This is the future of medicine, people.This is it. Integrative medicine is the way. True, I have to get on an airplane to immerse myself in it at this point, but I promise you one thing--I'll bring it back.

Yep, I Make My Own Deodorant

Photo of homemade deodorant in an applicatorWhy would I need or want to do this? Why haven't I purchased a commercial deodorant in about two years? Why haven't I let my husband, either? The bottom line is that I just don't feel comfortable slathering on a toxic armpit cocktail, when I know that what I put on my skin has a good chance of being absorbed into my bloodstream. I've said it before, and I'll say it again: If you wouldn't eat it, don't put it on your skin, either.

I also don't like the idea of blocking off the body's drainage system, so I had already stopped using anti-perspirants years before finally ditching the deodorant, too. (Not sure what you're using? Check the front label. "Deodorant?" Just covering the smell. "Anti-perspirant?" Also preventing your body from releasing the sweat.) My armpits are made for excretion, and that's just what they'll do. One of these days, I'll probably sweat all over you.

Really, though, it's not nice to sweat all over people, and it's particularly rude to have the sweat smell like the noxious fumes that we all know it can. Yet, I feel that primal urge to allow my lymphatic system to do its job and clean out some bodily sludge. Yes, I do think that using a commercially-produced anti-perspirant and deodorant contributes to the development of breast cancer and other ailments. But I guess I have to sit around and wait for a study to prove that sealing in your body's toxins and then layering more on top of that is bad for your health. Seriously, doesn't anybody else wonder why Dove is the breast cancer researcher out there? Really?

Or, I could make the choice that I know is healthier for my body (and my husband's body, too). Thus, one rainy afternoon two years ago, I jumped on Amazon and ordered myself some arrowroot powder (after not being able to find it in local stores). The rest is history. Instead of simply leaving you with the basic recipe I've been using and loving, I'll take you on a pictorial journey afterward. Note that if you do try this at home, the common expectation is that there is approximately a 1-2 week "learning curve" for your body to really have the opportunity to excrete build-ups that you've been holding hostage for most of your adult life with your commercial anti-perspirants. Translation = you might smell worse during this time. This, too, shall pass, and at the end you'll likely find that you don't smell as bad as you used to.

Photo of ingredients laid out on counter

Here are your simple ingredients:

Mix 1/2 cup coconut oil with 1/4 cup arrowroot powder and 1/4 cup baking soda. Add essential oils such as orange, lemongrass, or tea tree, and scoop into an old, cleaned out deodorant container to harden for a few hours. (Don't worry about those bottles of wine in the background.
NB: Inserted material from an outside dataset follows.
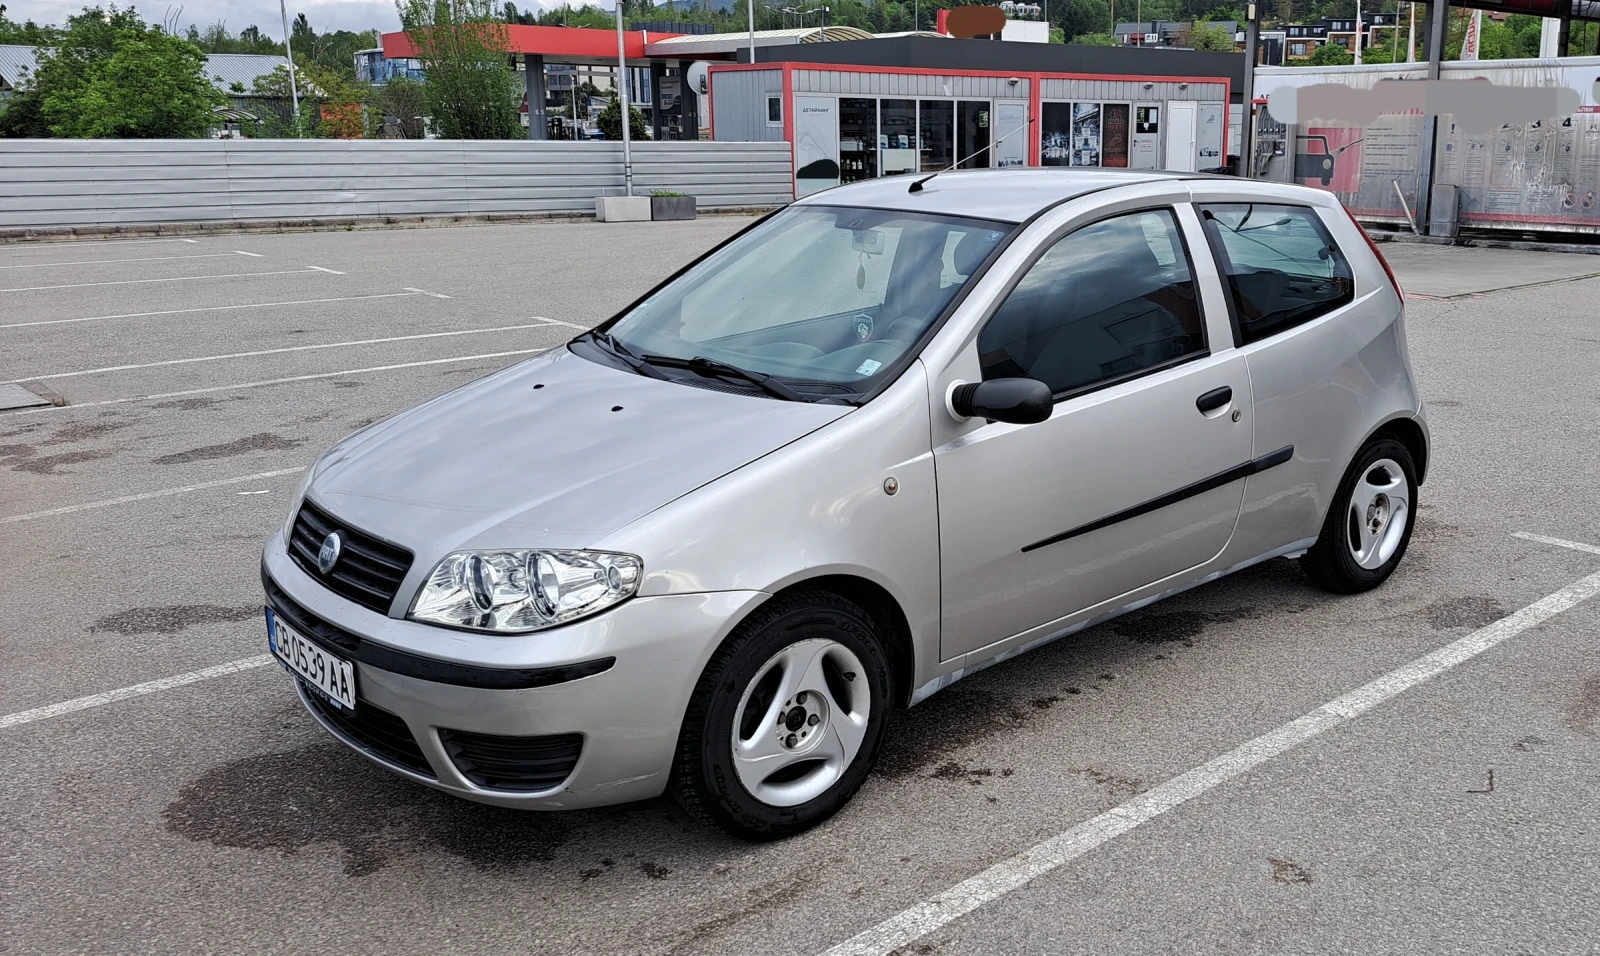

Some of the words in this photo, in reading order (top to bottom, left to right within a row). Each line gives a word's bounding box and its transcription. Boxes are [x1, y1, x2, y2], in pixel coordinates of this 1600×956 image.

[1562, 117, 1572, 127] 4
[275, 620, 291, 660] CB
[292, 634, 325, 686] 0539
[330, 660, 351, 704] AA
Those are for later, when you can celebrate your accomplishment if all goes well.) Simple, customizable, delightful. Remember, it's more meant to be a deodorant than an anti-perspirant, but my husband finds it does both well. I guess I'm just a sweatier fella. But at least I'm not usually a smellier fella.

That's the normal way. This week, I tried to plan for our upcoming medical mission trip to Nicaragua, where it is oh-so-hot every day, by customizing the usual recipe to prevent it from melting. Yes, coconut oil has a melting point in the 70s, so it would be like trying to use a puddle of deodorant instead of a stick if I took along the usual stuff. So, after googling for a while, I found a suggestion to melt and add beeswax into the usual recipe to raise the melting point (beeswax has a really high melting point, like 170 -- not even Nicaragua can match that). It went...well?

Photo of mixture in bowl

The resulting deodorant was very brown, as a result of using dark brown beeswax the first time. OK, I can live with that. Here's the bowl of leftover brown deodorant that I will scrape with a spoon and use until it's gone before wasting an ounce. Yes, this is the state of affairs of toiletries in my home.
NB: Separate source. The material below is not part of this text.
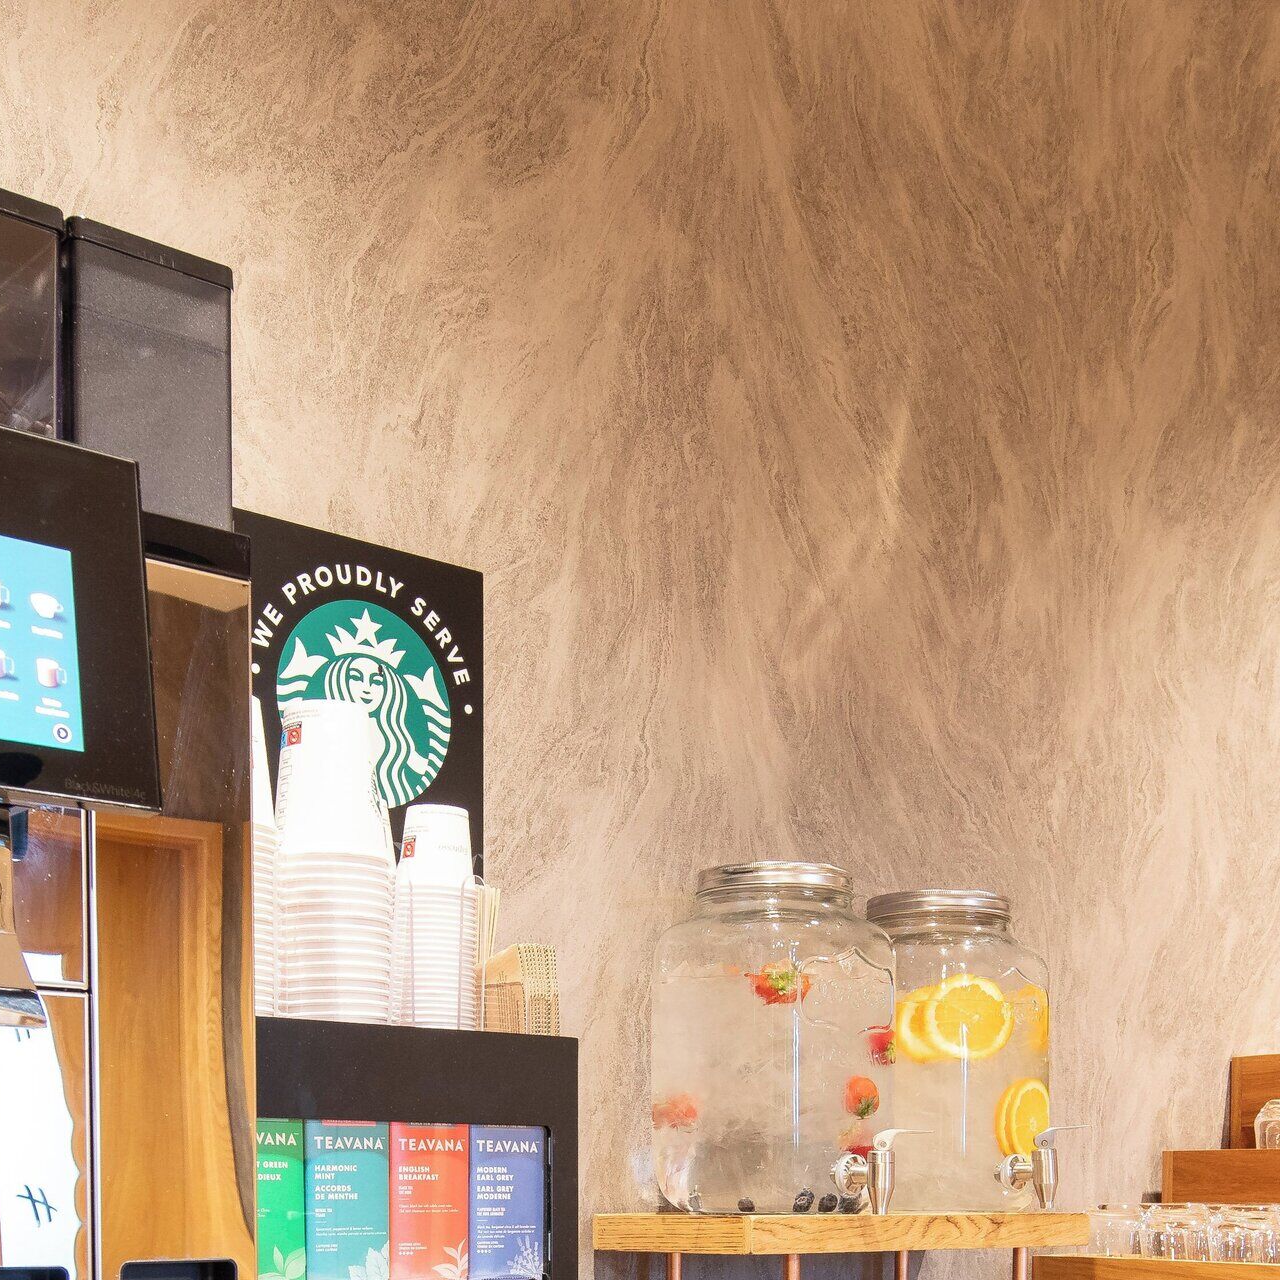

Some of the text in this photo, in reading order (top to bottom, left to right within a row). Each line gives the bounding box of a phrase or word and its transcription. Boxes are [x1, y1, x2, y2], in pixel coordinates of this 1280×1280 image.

The photo at the beginning of my post is what it looks like in stick form, which is much more socially acceptable, I know. It's almost normal looking...just brown, and bumpy, unlike the usual smooth off-white result for temperate at-home usage. Ah, Nicaragua, the things I do for you.

How Salads and Evil Qi Can Make You Gain Weight

How could salads cause weight gain? If you have Damp-Cold and you're trying to lose weight by eating cold, raw, veggie salads, you might not shed the pounds. "How can this be?" everyone is now screaming -- probably silently, that's fine. I thought eating lots of spinach, topped with radish, cucumbers, celery, etc. was supposed to help melose weight.
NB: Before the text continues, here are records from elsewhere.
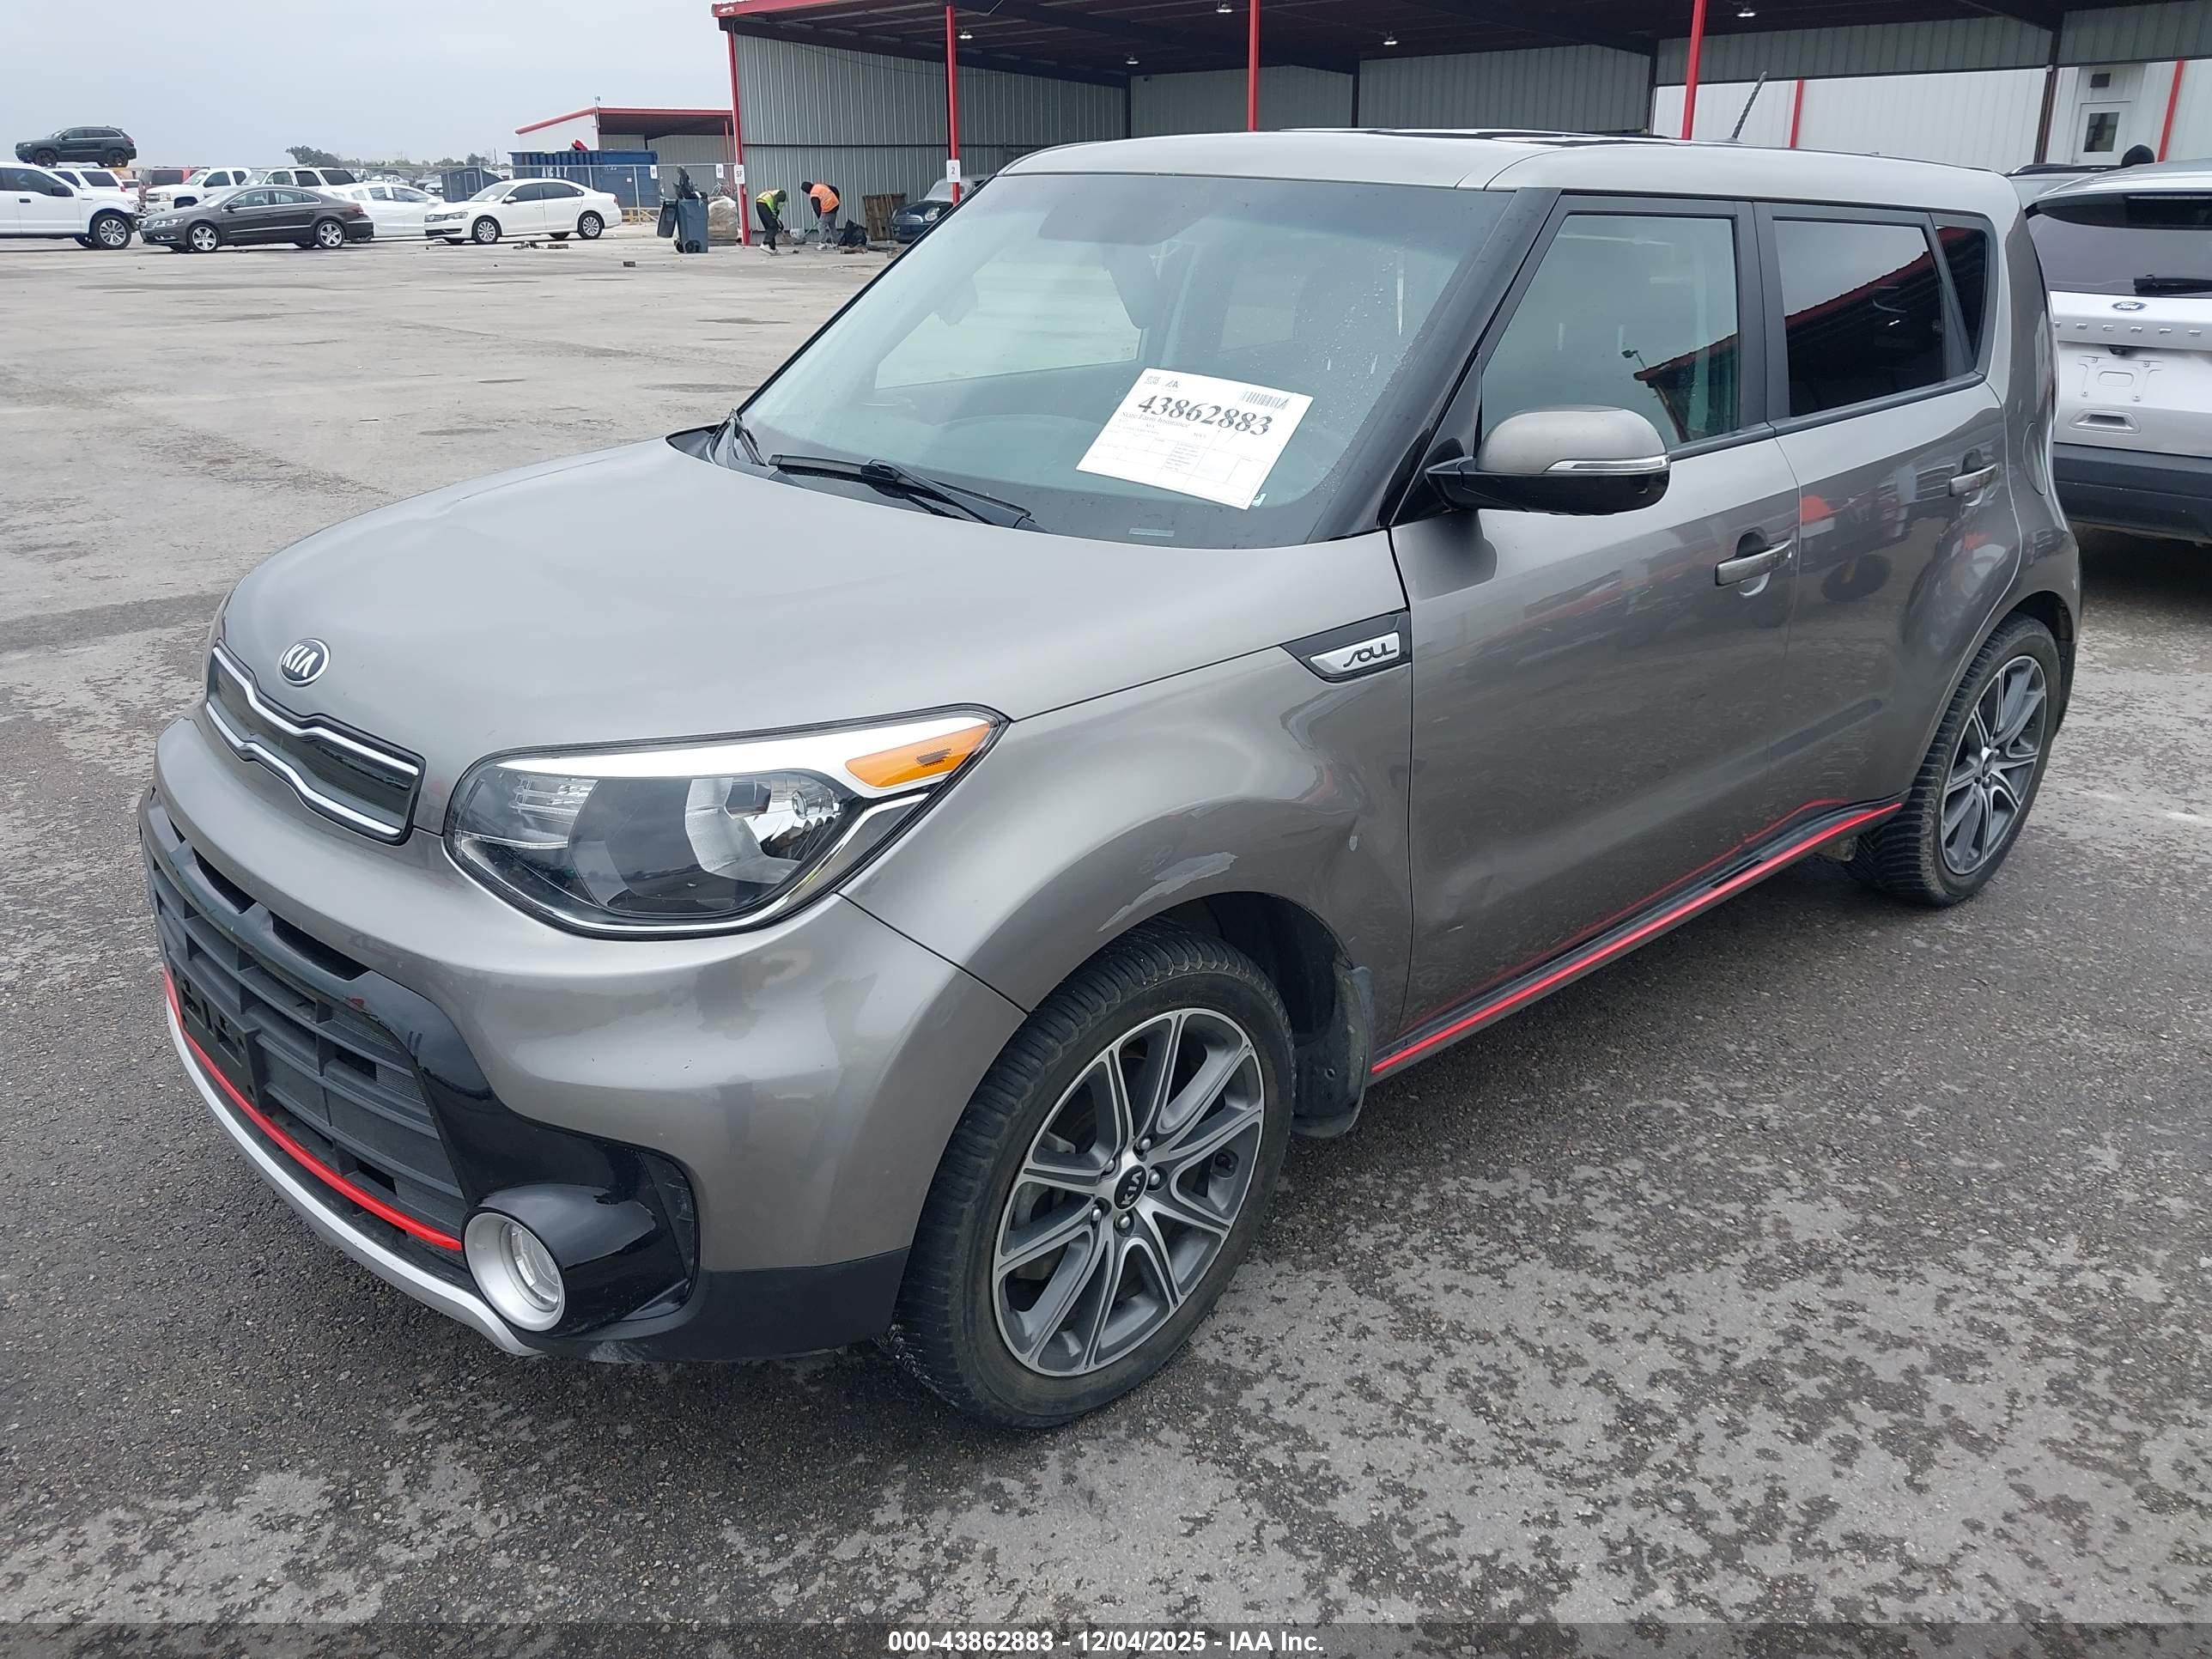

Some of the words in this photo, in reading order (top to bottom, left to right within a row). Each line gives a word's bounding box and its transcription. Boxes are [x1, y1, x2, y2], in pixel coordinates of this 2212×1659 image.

[1121, 411, 1139, 421] State
[1139, 413, 1157, 423] Farm
[1138, 394, 1273, 436] 43862883
[282, 643, 319, 678] KIA
[1342, 642, 1397, 668] SOUL
[1120, 1170, 1143, 1205] KIA
For some people, this might be an effective strategy, particularly if you are swapping out fast-food double cheeseburgers in favor of homemade veggie salads. Certainly, there is the undeniable benefit of increasing the nutrition you're taking in by adding more produce to your diet. I'm sure we all know someone who started eating more salads and less junk food and fairly promptly dropped a few pounds. Great.

So, why doesn't it work for everyone? In fact, why does eating all raw, cold veggie salads even have the possibility of causing weight gain in some people?

No, the answer is not about the dressing that you put on the salad! That would be too easy, not eastern-medicine-related, and frankly, it would probably cast a dark shadow on my consistently whole-fat dietary lifestyle approach.

Instead, my point here is related to one of TCM's six evil qis -- technically, two of them. I used the terms "cold" and "damp" earlier, and this is one of those special moments when normal, everyday words take on more specific meanings in the context of Chinese medicine. I think we call that "connotations." In TCM, Cold and Damp have pathogenic connotations.

A person can be constitutionally Cold or Damp from the get-go, or a person can be invaded by a Cold or Damp external pathogenic factor (actually called an "evil (xieh) qi"). Foods are like people; each food has specific properties, such as Cold, Hot, and whether the food leads to damp retention or drying out in the person who ate it.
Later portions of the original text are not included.